Always shop with a grocery list and avoid impulse buys. If an item is on sale and can freeze or be saved for later, pick it up and work it into next week’s menu. Think about how often you shop, how you prepare food, and are you wasting parts that can be used. Limiting the number of times you enter the grocery store helps decrease impulse buys or extra spending. Incorporating grilling, baking, roasting, sauteing, and stir-frying are healthy cooking methods for fresh food that will be a heart-smart choice. If you are purchasing fresh carrots with their greens, don’t toss them; blend them up into a carrot top pesto sauce to be used as a dip or to top chicken, fish, or pasta.

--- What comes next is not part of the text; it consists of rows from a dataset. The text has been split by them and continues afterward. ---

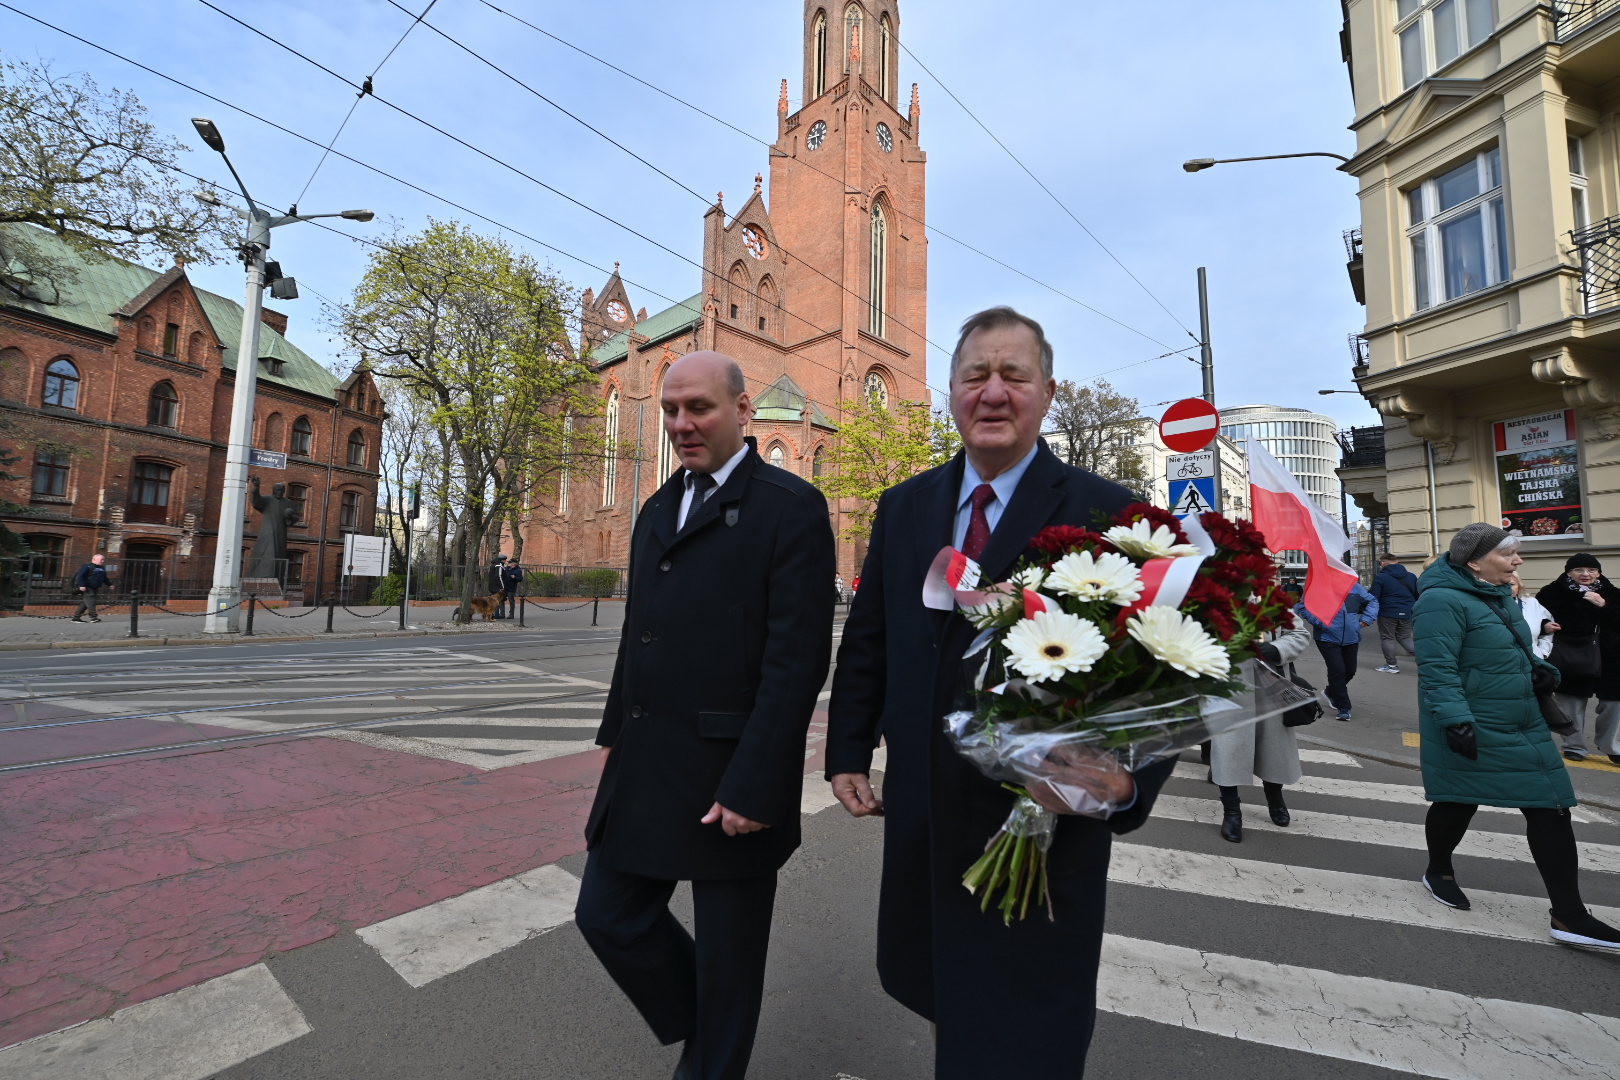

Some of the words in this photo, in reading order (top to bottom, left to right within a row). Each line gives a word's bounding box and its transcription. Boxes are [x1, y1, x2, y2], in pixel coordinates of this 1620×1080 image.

[1507, 413, 1562, 428] RESTAURACJA
[1521, 431, 1549, 441] ASIAN
[257, 455, 279, 464] Fredry
[1184, 454, 1211, 462] dotyczy
[1504, 465, 1576, 481] WIETNAMSKA
[1520, 479, 1560, 491] TAJSKA
[1518, 491, 1564, 503] CHIŃSKA

Select color and variety when choosing your fresh fruits and vegetables, but choose wisely. Use produce like apricots, berries, mushrooms, summer squash within a few days of purchasing. Those with a longer shelf life are apples, beets, carrots, garlic, onions, potatoes, and winter squash. Keep in mind some fruits give off a more significant amount of ethylene gas which causes other foods around them to ripen quickly. Examples include avocados, unripe bananas, nectarines, peaches, tomatoes, apples, apricots, cantaloupe, figs, kiwi plums. Repurpose your vegetable scraps into a vegetable scrap broth. Keep a bag of vegetable scraps in the freezer for up to 3 months, adding as you have them. Examples include carrots, celery, parsnips, green beans, sweet peppers, eggplant, and zucchini. When cooking with fresh herbs, you may not use all you have purchased for the week. Waste less by washing them, chopping them, and adding them to ice cube trays. Cover with water or olive oil and freeze until firm. Once frozen, place in a freezer bag and save to add to soups, sauces, or defrost and use as needed in cooking.

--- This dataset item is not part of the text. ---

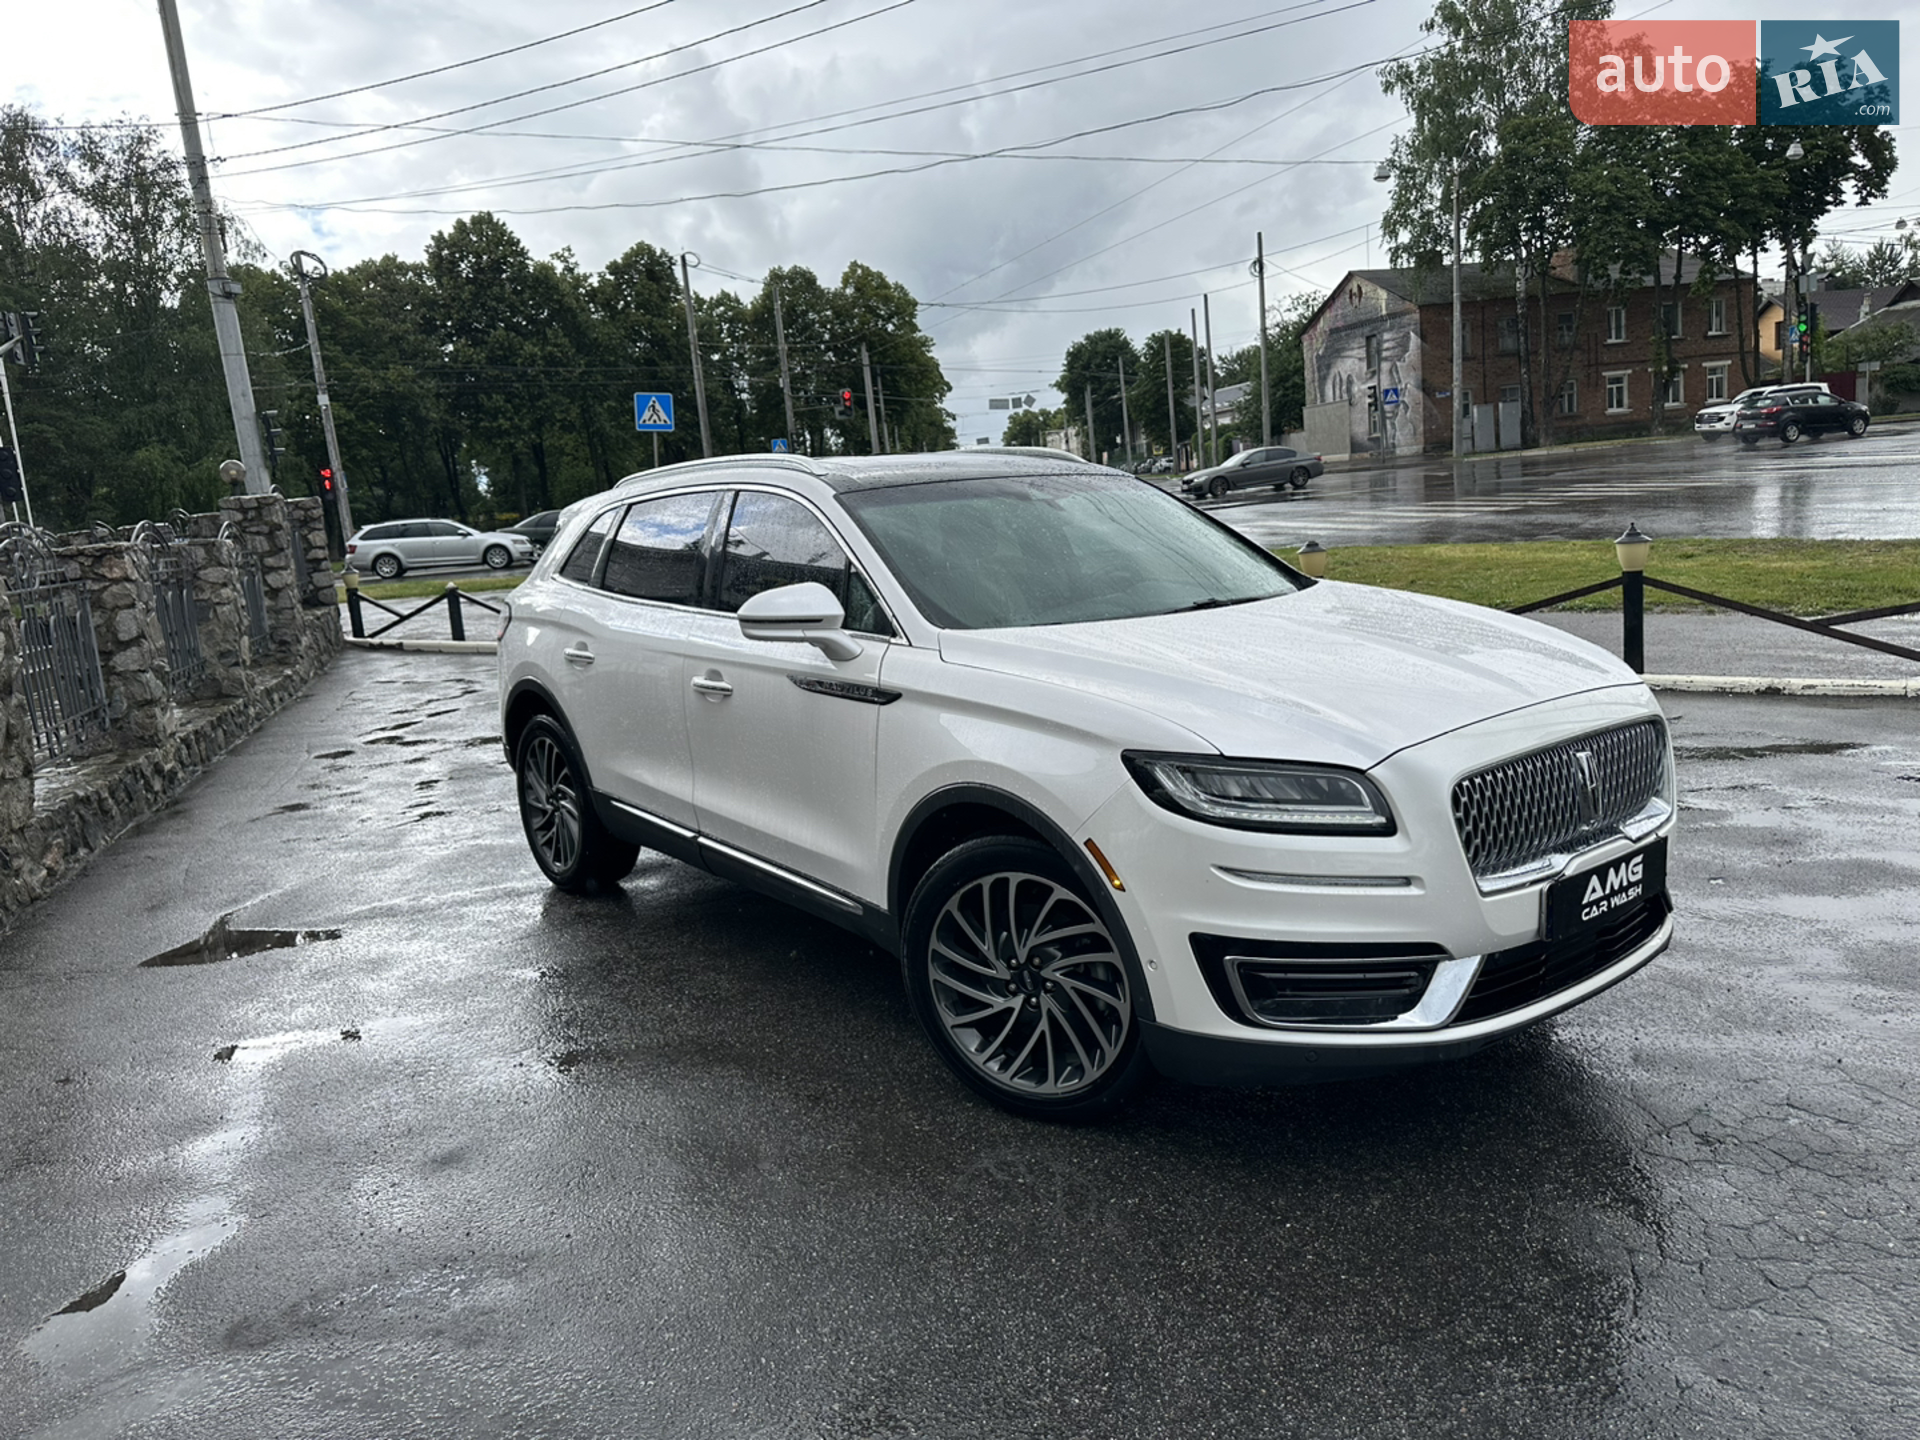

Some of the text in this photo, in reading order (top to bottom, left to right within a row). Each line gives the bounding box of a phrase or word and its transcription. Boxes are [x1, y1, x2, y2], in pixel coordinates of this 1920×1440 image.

[1581, 853, 1644, 905] AMG
[1581, 883, 1642, 921] CAR WASH

When preparing your meals, practice portion control, which is essential for balance and variety of foods for your health and can decrease wasted leftovers that go unused. If you eat out often for lunch, consider bringing leftovers for lunch. If it’s not a complete meal, be creative and repurpose it into a new meal to eliminate leftovers wasted and save from extra spending on eating out. If you eat out, order a smaller portion, share with a friend, or package a portion to take home. The extra portion can be enjoyed the next day for a meal or frozen for another time to enjoy. Keep an eye for foods that are tossed, what was the reason? Was it an expiration date, forgotten leftover, leftover produce? What can you do in the future to prevent this? Do you notice any patterns? Consider these questions to potentially change your meal planning and grocery lists to waste less and save more. Try out the USDA Food Keeper App. It provides guidance on food shopping, storage, food safety, and current product recalls.